Assignment =>
Copy the records word for word, omitting all pictures.

Images for object localization =>
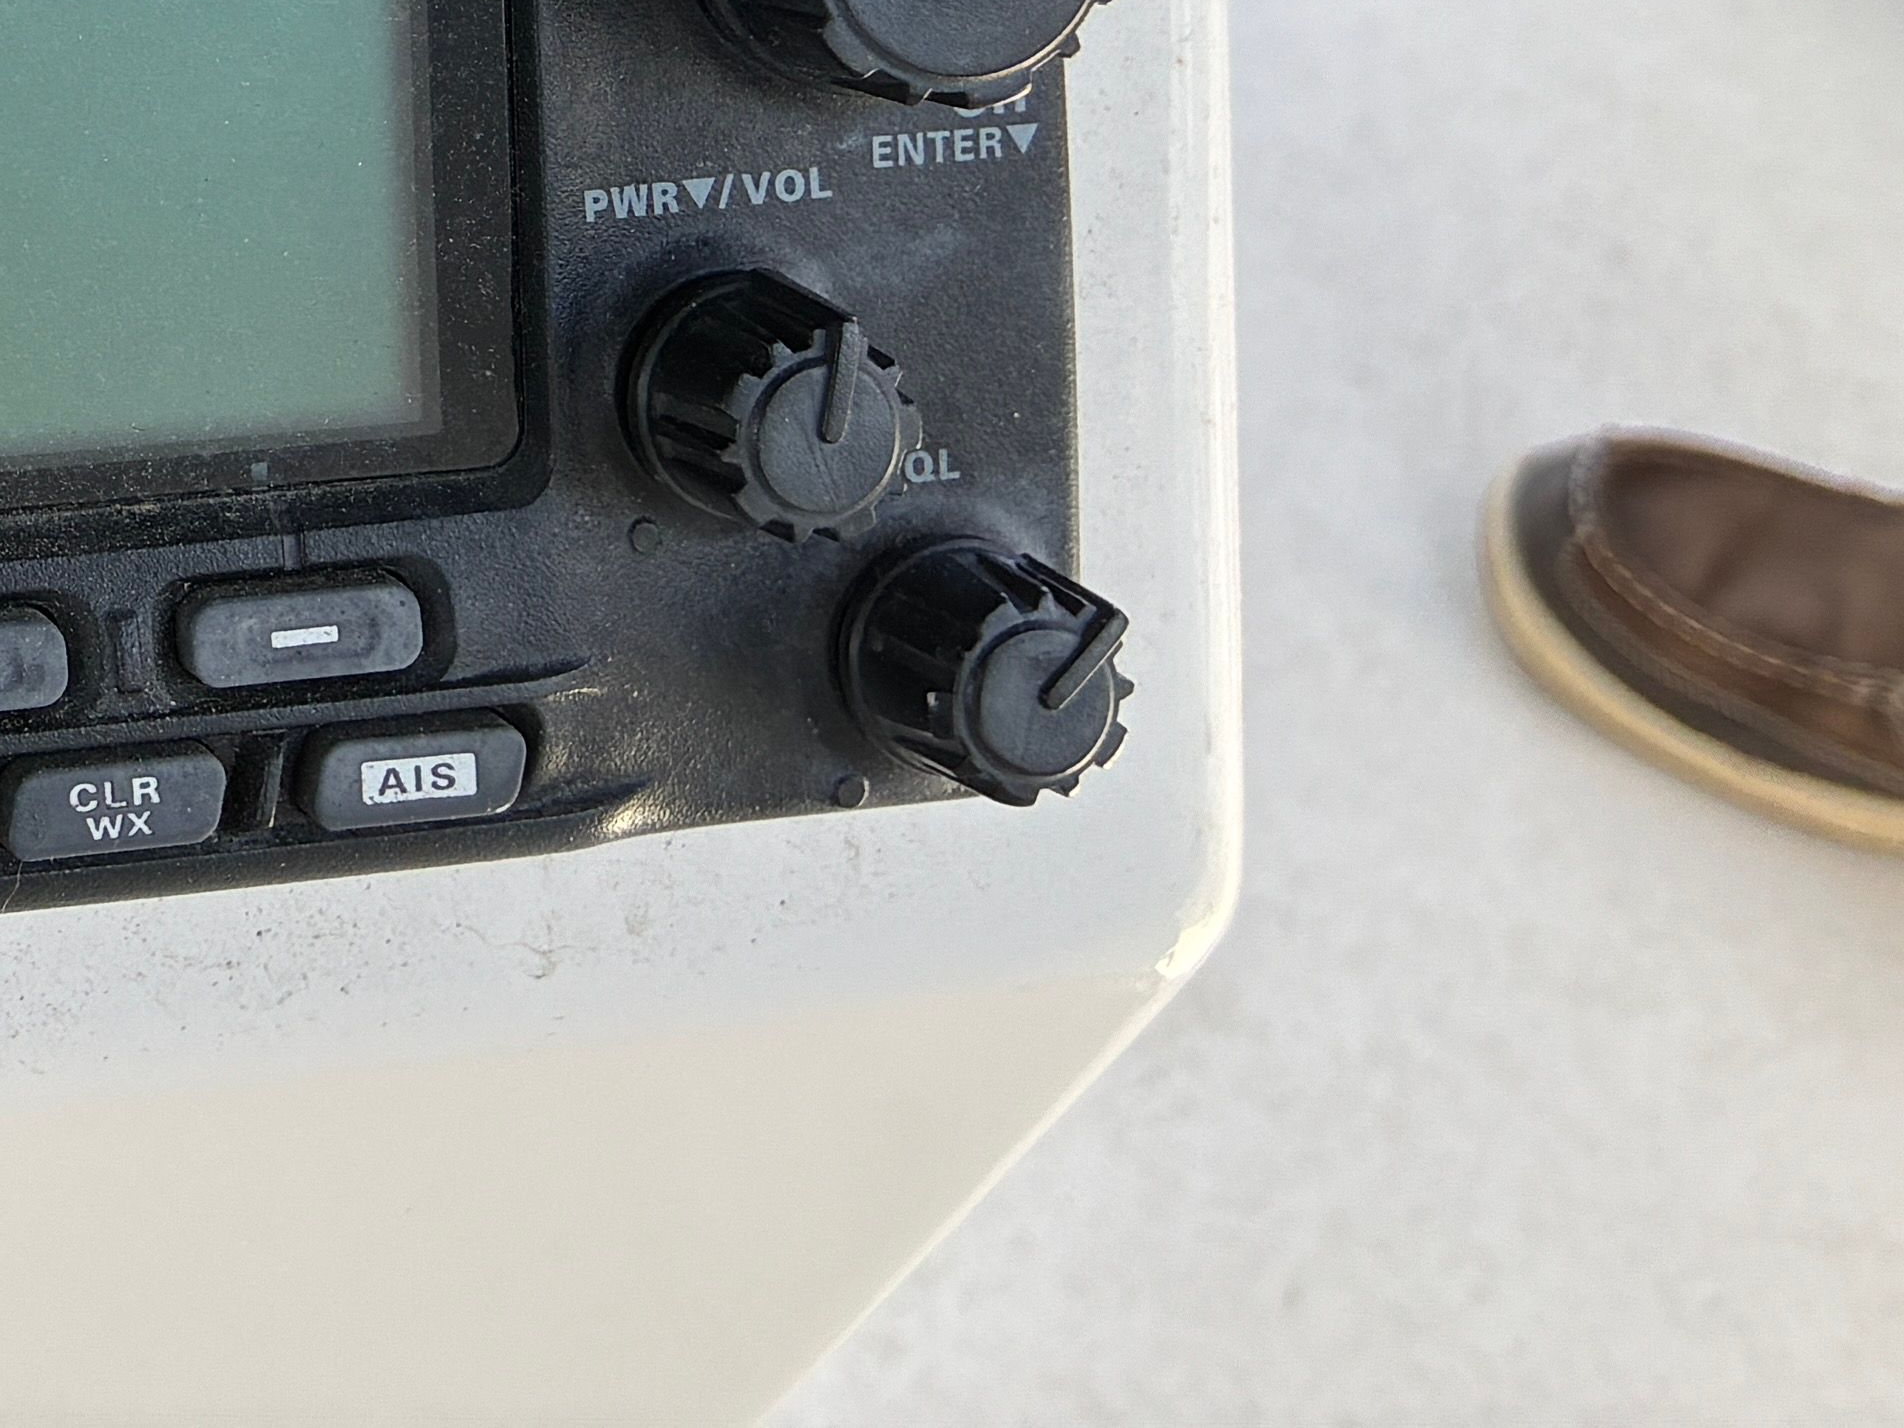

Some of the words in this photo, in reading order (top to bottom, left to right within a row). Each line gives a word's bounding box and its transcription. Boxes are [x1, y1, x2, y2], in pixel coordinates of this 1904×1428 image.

[872, 126, 1003, 168] ENTER
[68, 777, 160, 811] CLR
[378, 762, 457, 797] AIS
[85, 812, 154, 841] WX

Response area =>
Some of the words in this photo, in reading order (top to bottom, left to right within a row). Each line gives a word's bounding box and its transcription. Boxes are [x1, y1, x2, y2], in pixel coordinates of this 1904×1428 image.

[872, 126, 1003, 168] ENTER
[68, 777, 160, 811] CLR
[378, 762, 457, 797] AIS
[85, 812, 154, 841] WX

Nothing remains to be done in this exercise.